Jasper Lawler, head of research at London Capital Group, said: “It won’t have escaped Trump’s attention that rising gasoline prices can quickly eclipse any financial benefits to rust belt America from his tax cuts.
“The question is whether Trump has more than bluster on Twitter to impact the oil price. He probably does, but these tools are already in use.
“The US government has already opened up drilling rights on and offshore and US production is soaring as a result, adding supply to the market.”
Looks like OPEC is at it again. With record amounts of Oil all over the place, including the fully loaded ships at sea, Oil prices are artificially Very High! No good and will not be accepted!— Donald J. Trump (@realDonaldTrump) April 20, 2018
The FTSE 100 was lifted during the session as sterling slid on comments from Bank of England governor Mark Carney.
The prospect of a rate hike next month waned after Carney said several Brexit-related events would impact rate rises, and there would only be gradual increases.
Against the dollar, sterling fell 0.35% to 1.403. The pound was broadly flat against the euro at 1.14.
Meanwhile, by the market close, London’s blue chip index had risen 39.35 points to 7,368.17.
In UK stocks, Shire’s shares dipped despite Japan’s Takeda upping its bid for the pharmaceutical giant.
Takeda said its new proposal is worth £47 per share, £21 of which is cash and £26 in new Takeda shares.
It values Shire at £42.8 billion, a slight advance on its last offer.
Takeda’s announcement came after Botox maker Allergan confirmed it would not make a bid for the Shire, just a day after saying it was weighing up an offer.
Shire’s shares were down 3.86% or 153.5p to close the day at 3,821.5p.
Shares in consumer goods giant Reckitt Benckiser also slipped when its sales missed analysts’ expectations.
Sales were up 2% on a like-for-like basis at the company, which owns a suite of household brands including Dettol, Clearasil and Gaviscon. Analysts had been expecting a rise of 2.6%.
The company was hit by “significant underperformance” from Scholl. The footcare brand brought down sales in Reckitt Benckiser’s health division, more than offsetting gains from Durex and VMS sales.
By the market close, Reckitt Benckiser’s share price was down 161p to 5,625p.

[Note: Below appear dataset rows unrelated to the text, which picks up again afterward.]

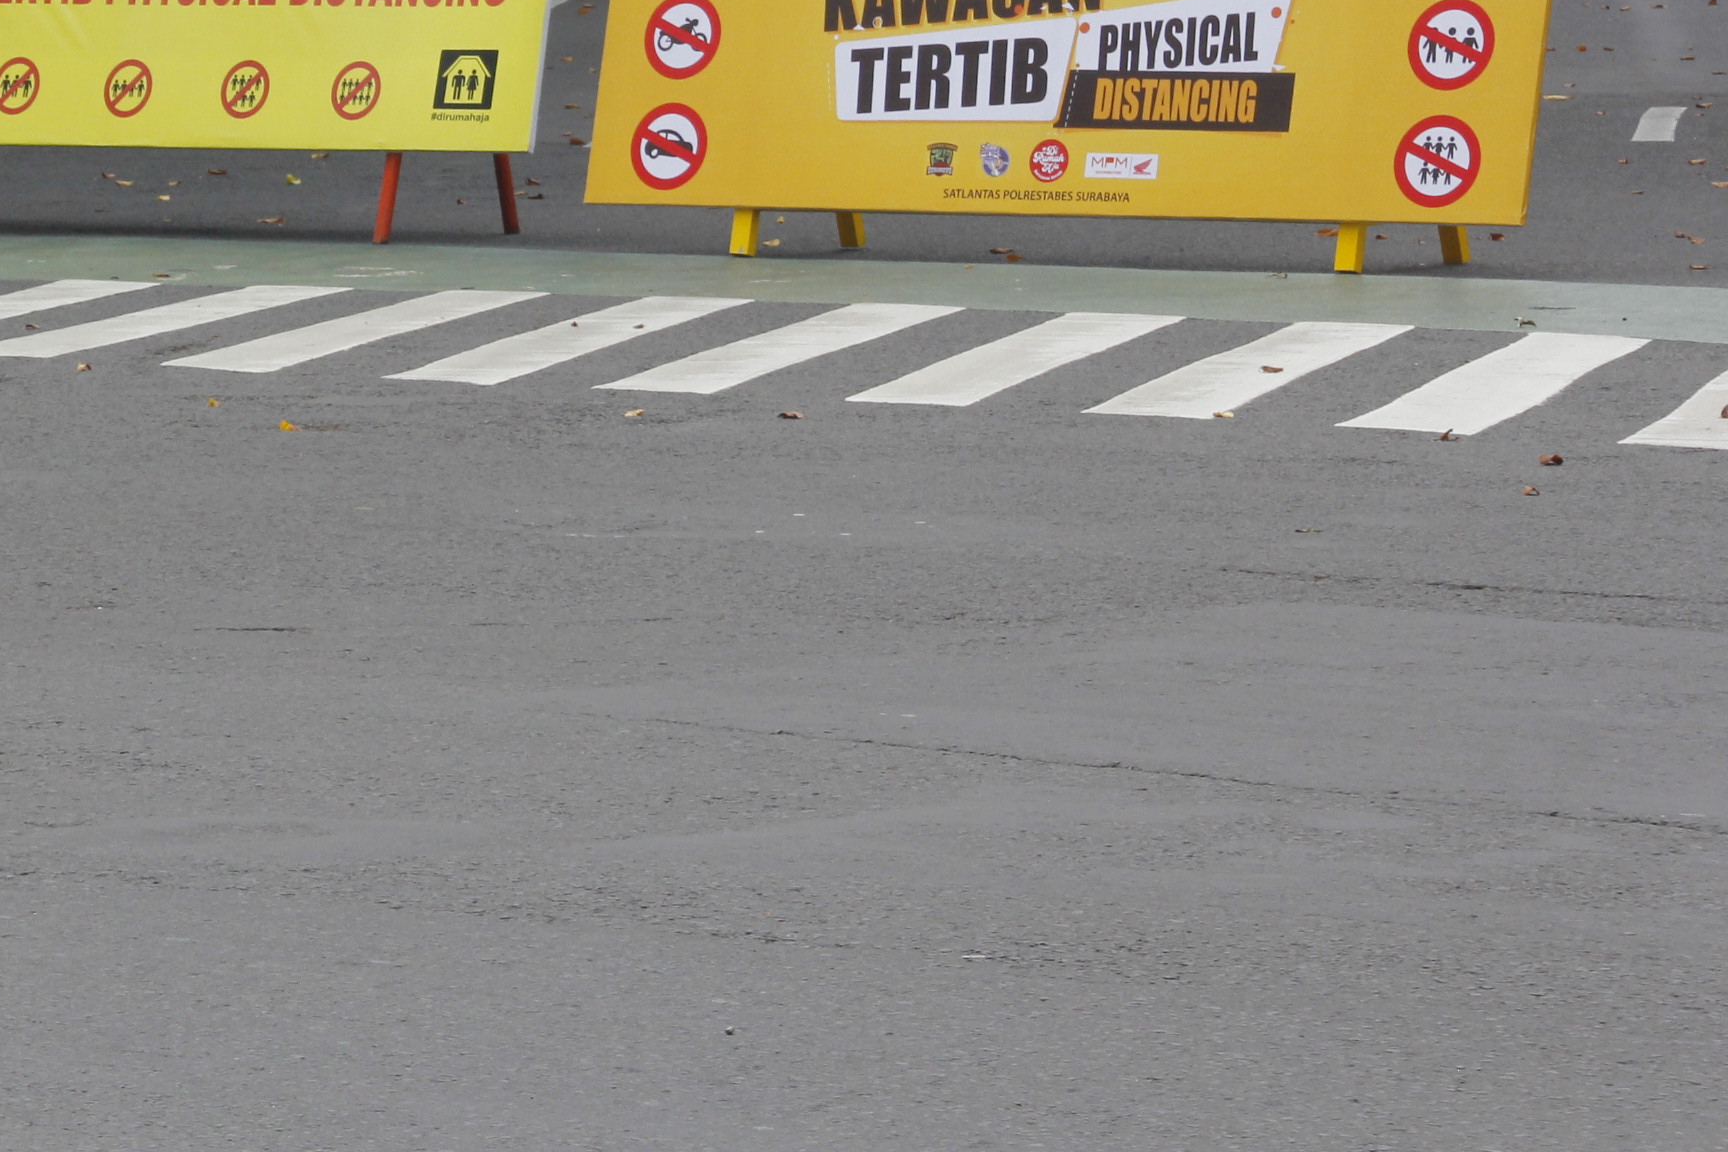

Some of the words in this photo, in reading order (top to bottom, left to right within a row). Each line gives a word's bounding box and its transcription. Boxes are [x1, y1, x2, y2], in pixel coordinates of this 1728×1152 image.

[1097, 11, 1259, 72] PHYSICAL
[850, 35, 1049, 115] TERTIB
[1092, 77, 1257, 124] DISTANCING
[431, 112, 490, 124] #dirumahaja
[1032, 152, 1065, 165] Rumah
[1090, 156, 1128, 169] MPM
[943, 189, 1001, 200] SATLANTAS
[1003, 190, 1073, 202] POLRESTABES
[1075, 191, 1130, 203] SURABAYA
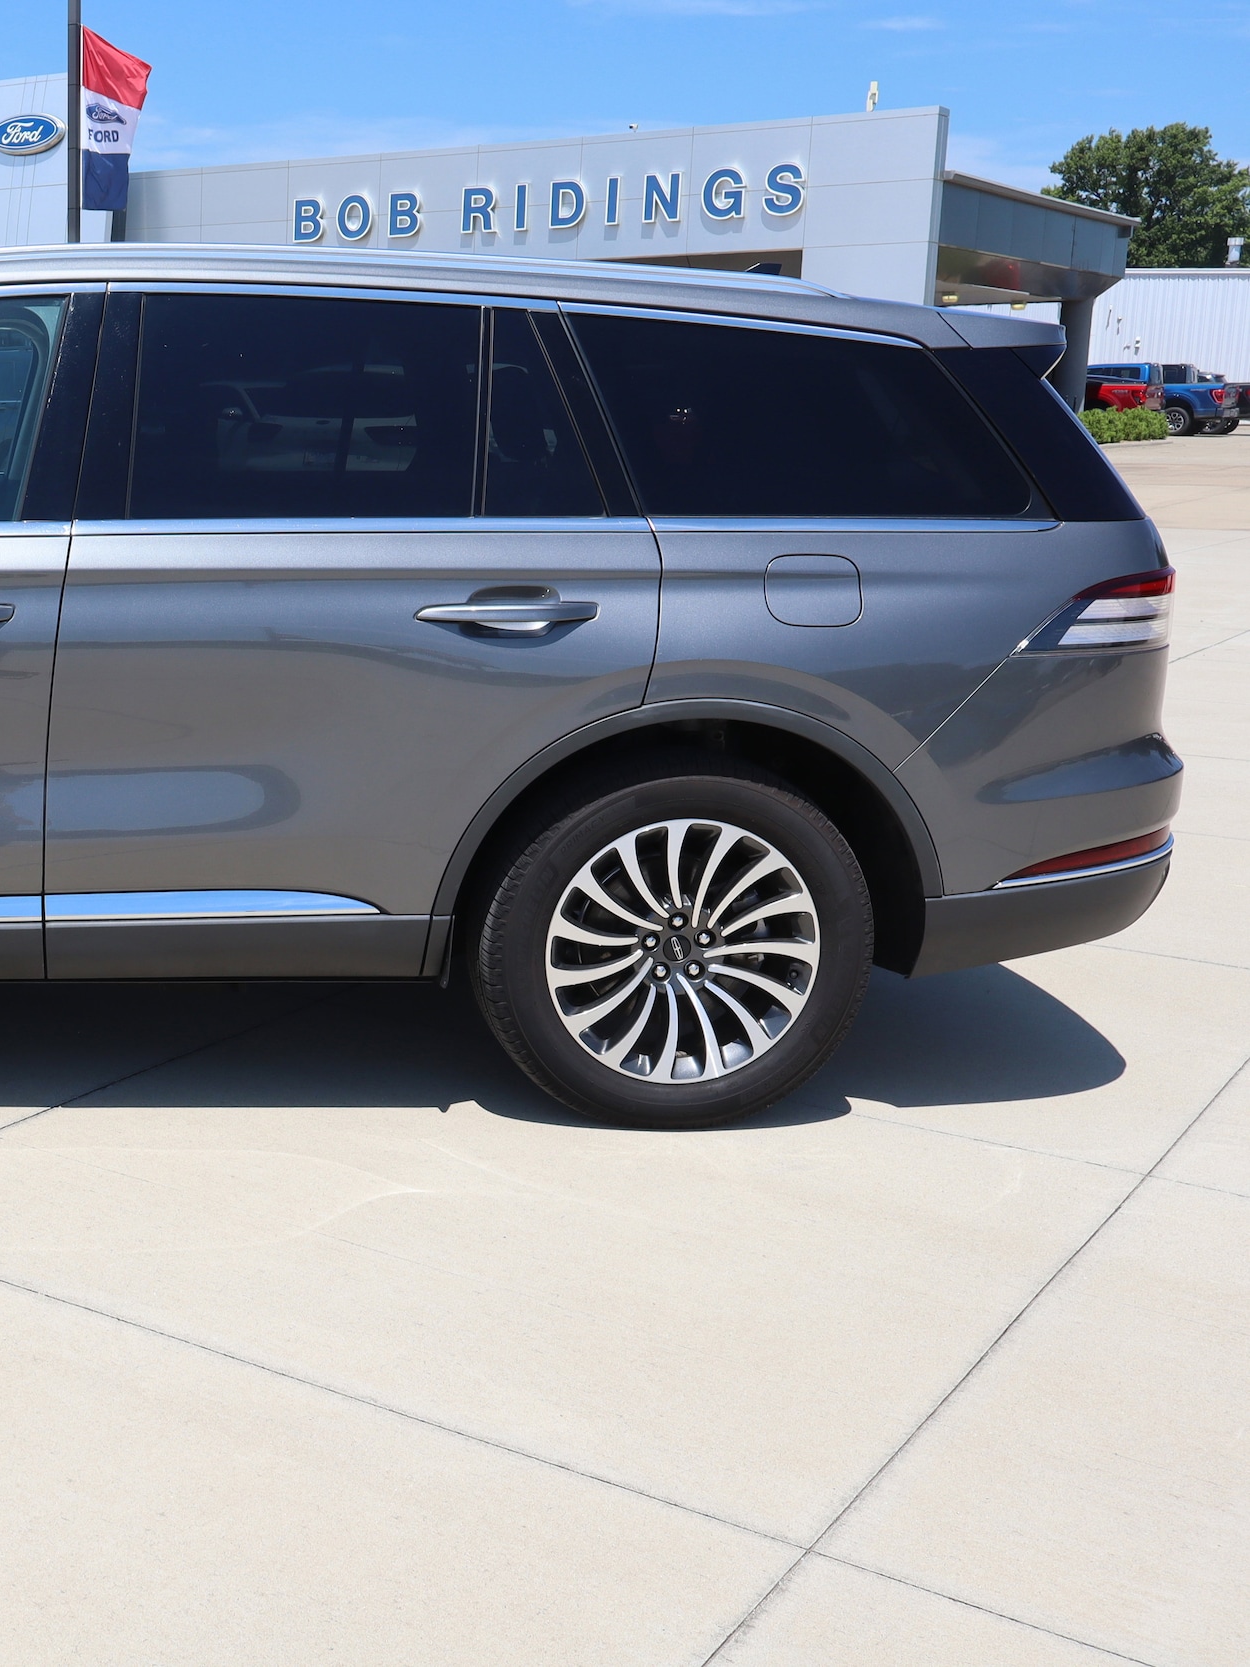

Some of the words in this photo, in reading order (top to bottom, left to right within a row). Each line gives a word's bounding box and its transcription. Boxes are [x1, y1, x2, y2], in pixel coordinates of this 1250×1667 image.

[1, 121, 44, 145] Ford
[88, 128, 119, 143] FORD
[292, 190, 421, 243] BOB
[460, 162, 806, 234] RIDINGS
[560, 815, 607, 854] PRIMACY

Value womenswear retailer Bonmarche suffered a drop in sales in the first three months of the year, which analysts pinned on the Beast from the East. Sales fell by 11.1% on a like-for-like basis in the three months to the end of March, with online sales up by 31.2%.
However, Bonmarche said it would still meet its profit targets. Shares closed the day down 0.5p at 90p.
The top risers on the FTSE 100 were CRH up 99p at 2,525p, Smiths Group up 46.5p to 1,618.5p, Standard Chartered up 19.10p to 764.4p, and NMC Health up 92p to 3,688p.
The biggest fallers on the FTSE 100 were Shire down 153.5p to 3,821.5p, Reckitt Benckiser down 161p to 5,625p, GKN down 9.7p to 467.9p, and Smurfit Kappa down 52p to 3,136p.